-- Work instructions --
Every record must be transcribed in its entirety, apart from the images, which are to be omitted.

Content starts

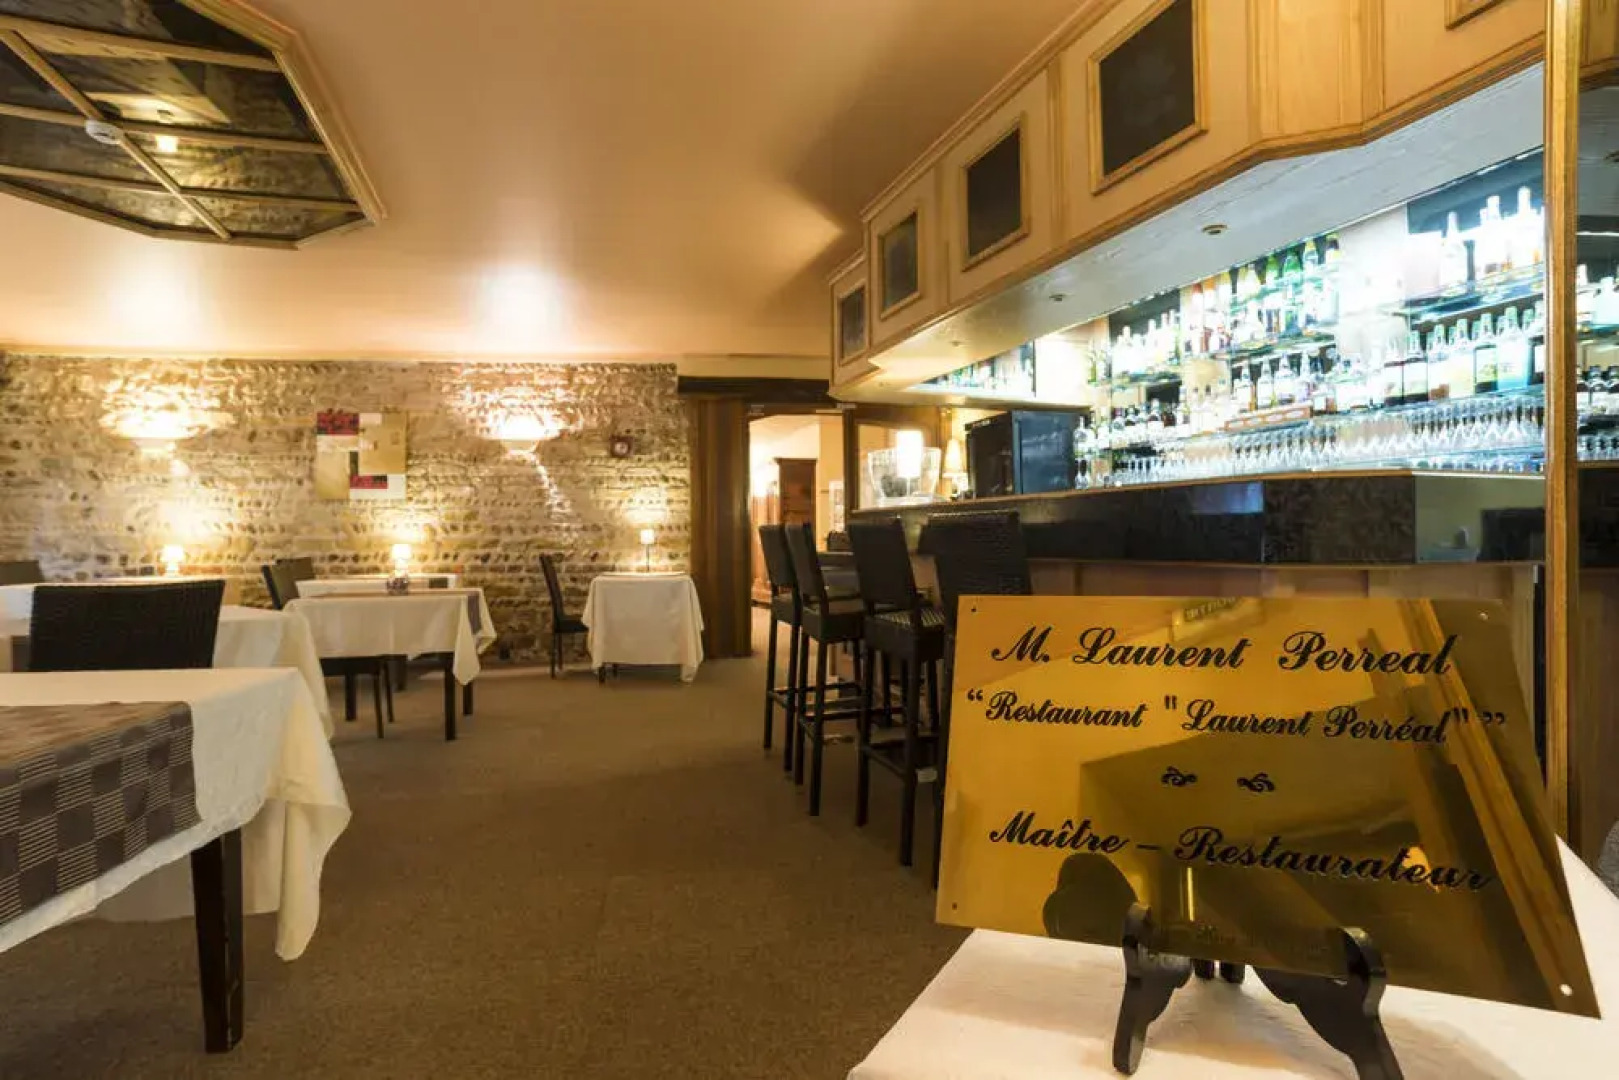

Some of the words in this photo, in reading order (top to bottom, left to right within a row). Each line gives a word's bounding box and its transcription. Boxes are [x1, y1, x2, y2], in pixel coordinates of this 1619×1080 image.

[991, 626, 1051, 662] M.
[1072, 628, 1251, 668] Laurent
[1278, 632, 1458, 675] Perreal
[989, 811, 1129, 853] Maître
[1174, 827, 1492, 890] Restaurateur

Content ends

-- Exercise response --
Some of the words in this photo, in reading order (top to bottom, left to right within a row). Each line gives a word's bounding box and its transcription. Boxes are [x1, y1, x2, y2], in pixel coordinates of this 1619×1080 image.

[991, 626, 1051, 662] M.
[1072, 628, 1251, 668] Laurent
[1278, 632, 1458, 675] Perreal
[989, 811, 1129, 853] Maître
[1174, 827, 1492, 890] Restaurateur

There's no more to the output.